The records below are to be restated word for word, with their images omitted.

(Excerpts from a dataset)
====================

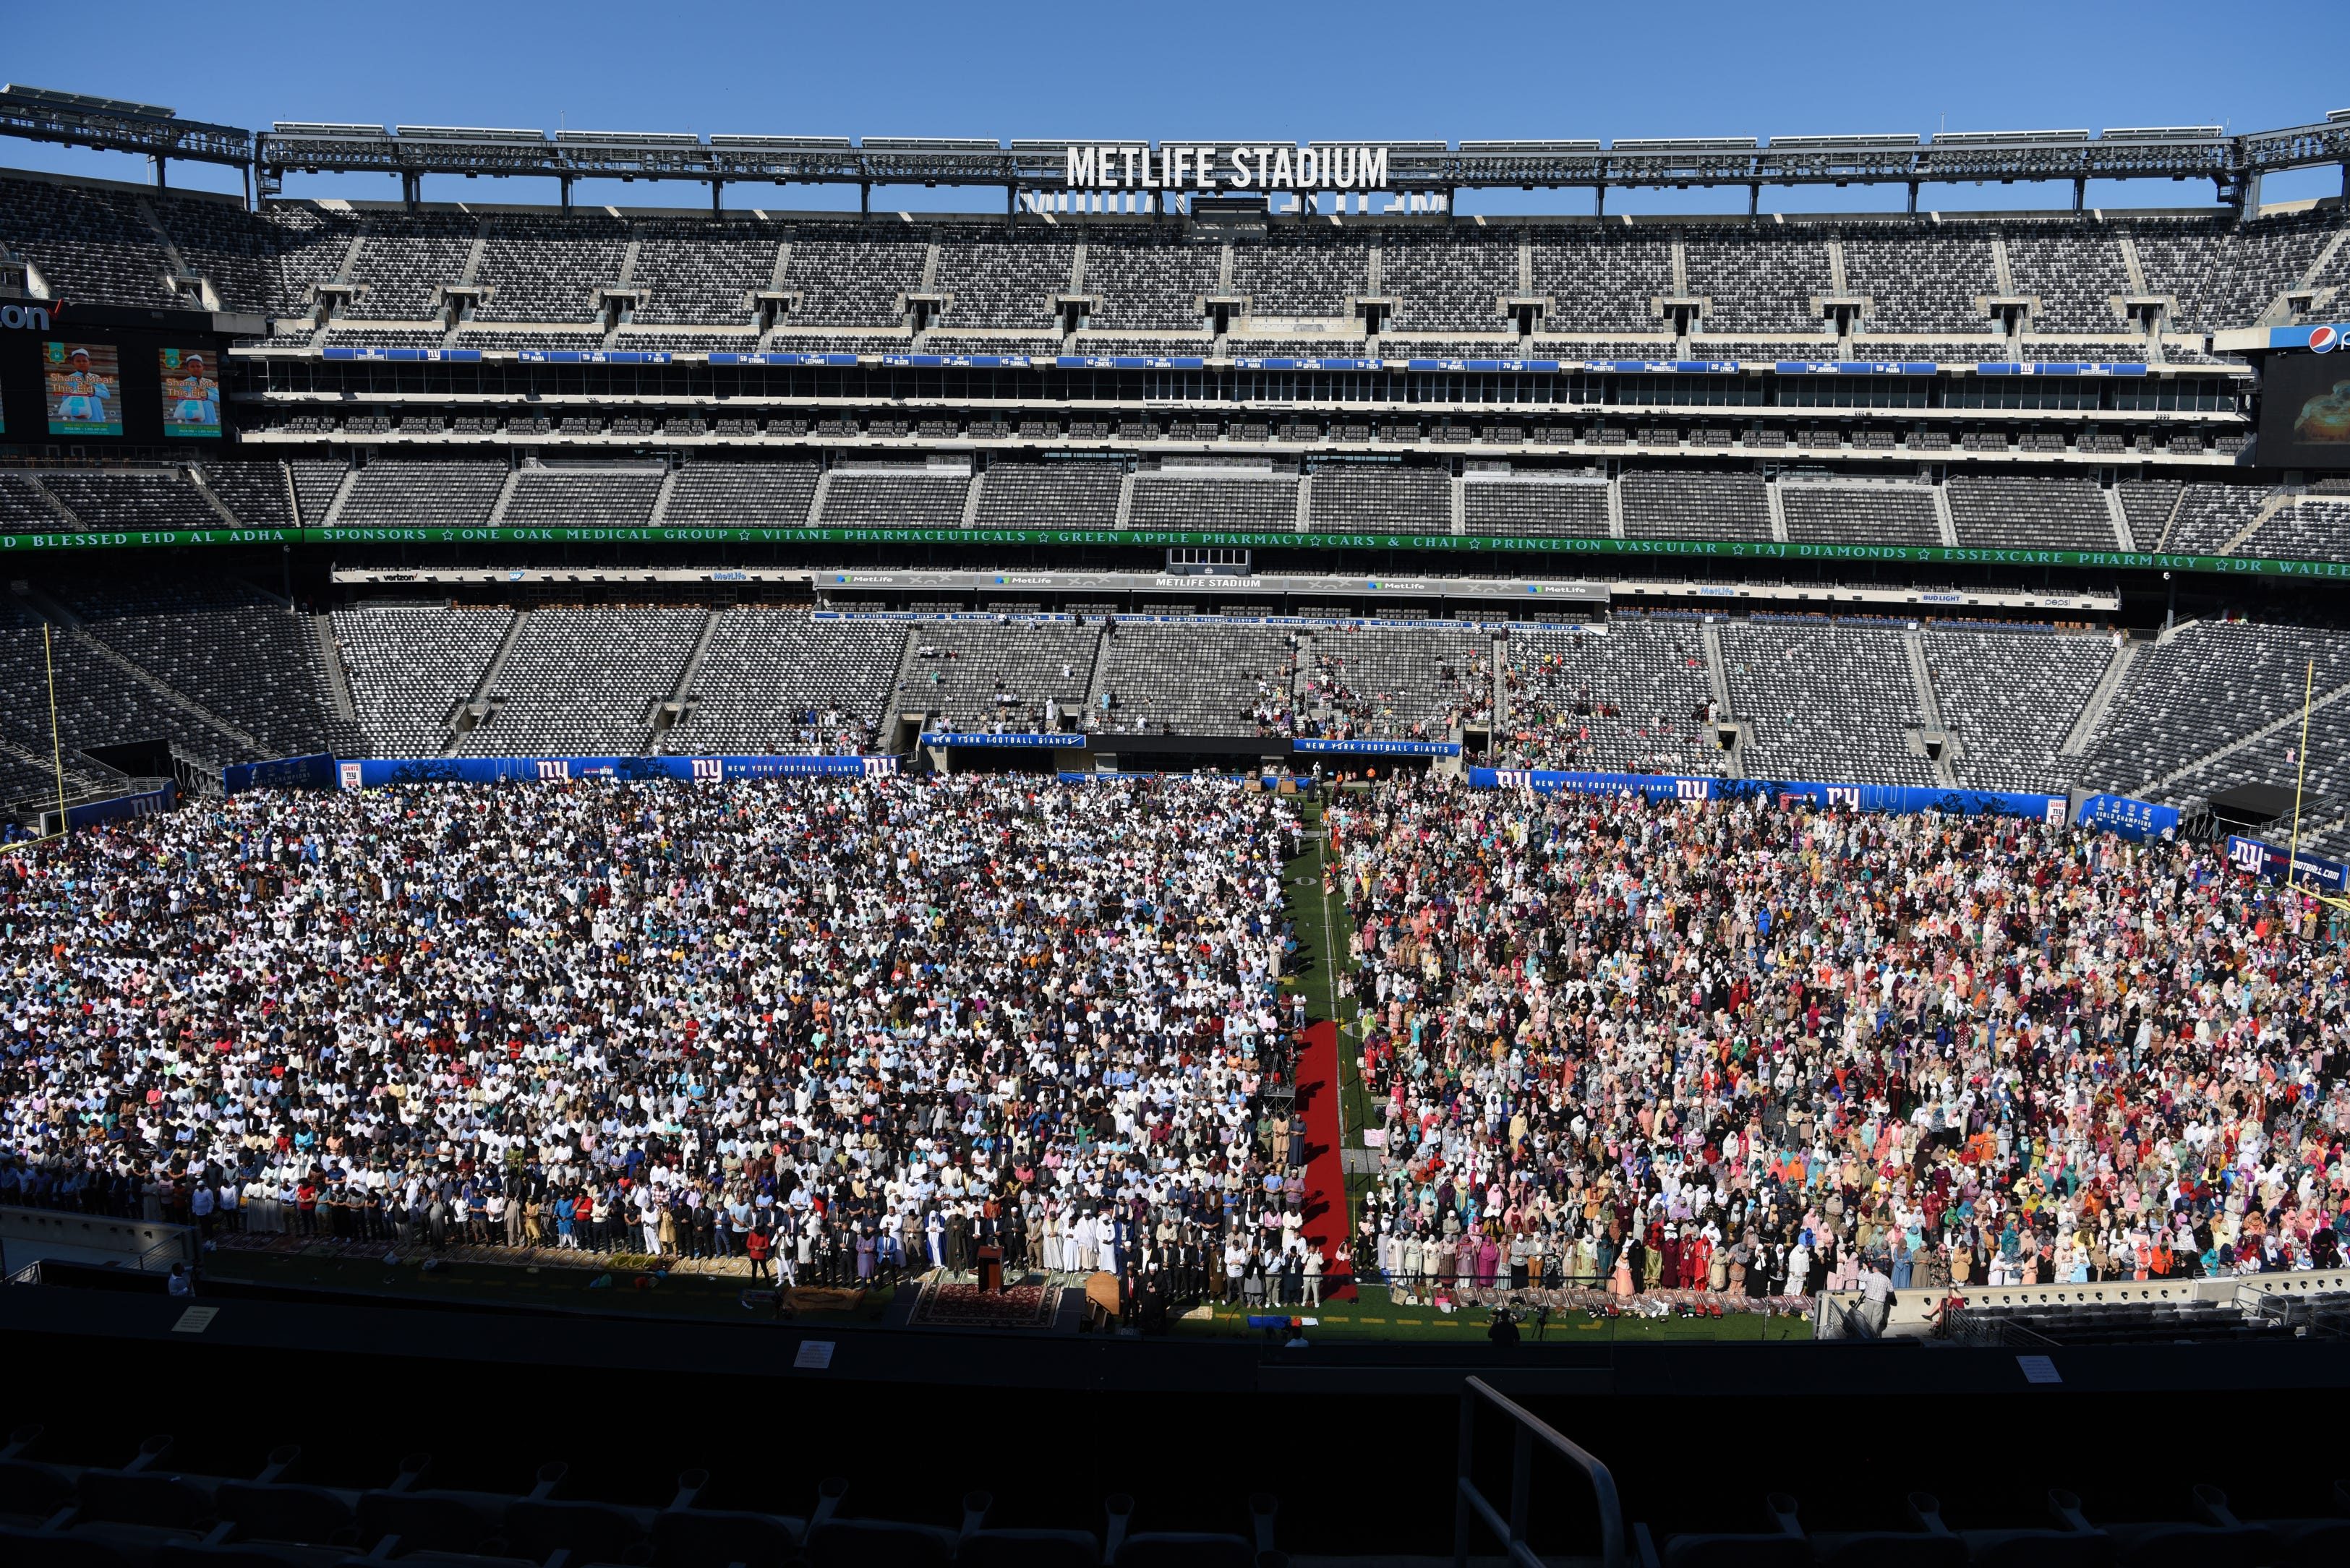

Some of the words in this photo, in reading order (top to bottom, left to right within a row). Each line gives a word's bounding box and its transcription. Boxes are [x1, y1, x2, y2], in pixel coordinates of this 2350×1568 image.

[1067, 147, 1216, 187] METLIFE
[1231, 147, 1388, 188] STADIUM
[0, 305, 50, 330] on
[51, 373, 82, 382] Share
[86, 375, 114, 384] Meat
[167, 377, 197, 387] Share
[51, 384, 74, 393] This
[168, 388, 188, 397] This
[191, 388, 207, 397] Eid
[33, 534, 127, 547] BLESSED
[141, 533, 176, 544] EID
[190, 531, 215, 542] AL
[229, 531, 284, 541] ADHA
[323, 529, 427, 539] SPONSORS
[462, 530, 500, 539] ONE
[513, 530, 553, 539] OAK
[566, 530, 651, 539] MEDICAL
[665, 530, 728, 539] GROUP
[763, 530, 832, 540] VITANE
[845, 530, 1026, 541] PHARMACEUTICALS
[1059, 532, 1119, 542] GREEN
[1132, 533, 1189, 543] APPLE
[1202, 534, 1302, 545] PHARMACY
[1328, 536, 1375, 546] CARS
[1388, 536, 1400, 547] &
[1414, 536, 1458, 547] CHAI
[1492, 539, 1601, 550] PRINCETON
[1616, 541, 1717, 553] VASCULAR
[1753, 544, 1785, 557] TAJ
[1800, 546, 1907, 558] DIAMONDS
[1944, 549, 2064, 564] ESSEXCARE
[2079, 554, 2199, 567] PHARMACY
[2234, 560, 2263, 571] DR
[714, 572, 746, 580] MetLife
[1701, 586, 1735, 595] MetLife
[275, 771, 311, 783] CHAMPIONS
[346, 771, 356, 780] ny
[599, 766, 613, 775] WFAN
[692, 759, 722, 783] ny
[1676, 780, 1708, 804] ny
[2116, 814, 2152, 828] CHAMPIONS
[2235, 840, 2264, 874] ny
[2290, 860, 2340, 881] OOTBALL.COM

====================

**Result of this exercise:**
Some of the words in this photo, in reading order (top to bottom, left to right within a row). Each line gives a word's bounding box and its transcription. Boxes are [x1, y1, x2, y2], in pixel coordinates of this 2350×1568 image.

[1067, 147, 1216, 187] METLIFE
[1231, 147, 1388, 188] STADIUM
[0, 305, 50, 330] on
[51, 373, 82, 382] Share
[86, 375, 114, 384] Meat
[167, 377, 197, 387] Share
[51, 384, 74, 393] This
[168, 388, 188, 397] This
[191, 388, 207, 397] Eid
[33, 534, 127, 547] BLESSED
[141, 533, 176, 544] EID
[190, 531, 215, 542] AL
[229, 531, 284, 541] ADHA
[323, 529, 427, 539] SPONSORS
[462, 530, 500, 539] ONE
[513, 530, 553, 539] OAK
[566, 530, 651, 539] MEDICAL
[665, 530, 728, 539] GROUP
[763, 530, 832, 540] VITANE
[845, 530, 1026, 541] PHARMACEUTICALS
[1059, 532, 1119, 542] GREEN
[1132, 533, 1189, 543] APPLE
[1202, 534, 1302, 545] PHARMACY
[1328, 536, 1375, 546] CARS
[1388, 536, 1400, 547] &
[1414, 536, 1458, 547] CHAI
[1492, 539, 1601, 550] PRINCETON
[1616, 541, 1717, 553] VASCULAR
[1753, 544, 1785, 557] TAJ
[1800, 546, 1907, 558] DIAMONDS
[1944, 549, 2064, 564] ESSEXCARE
[2079, 554, 2199, 567] PHARMACY
[2234, 560, 2263, 571] DR
[714, 572, 746, 580] MetLife
[1701, 586, 1735, 595] MetLife
[275, 771, 311, 783] CHAMPIONS
[346, 771, 356, 780] ny
[599, 766, 613, 775] WFAN
[692, 759, 722, 783] ny
[1676, 780, 1708, 804] ny
[2116, 814, 2152, 828] CHAMPIONS
[2235, 840, 2264, 874] ny
[2290, 860, 2340, 881] OOTBALL.COM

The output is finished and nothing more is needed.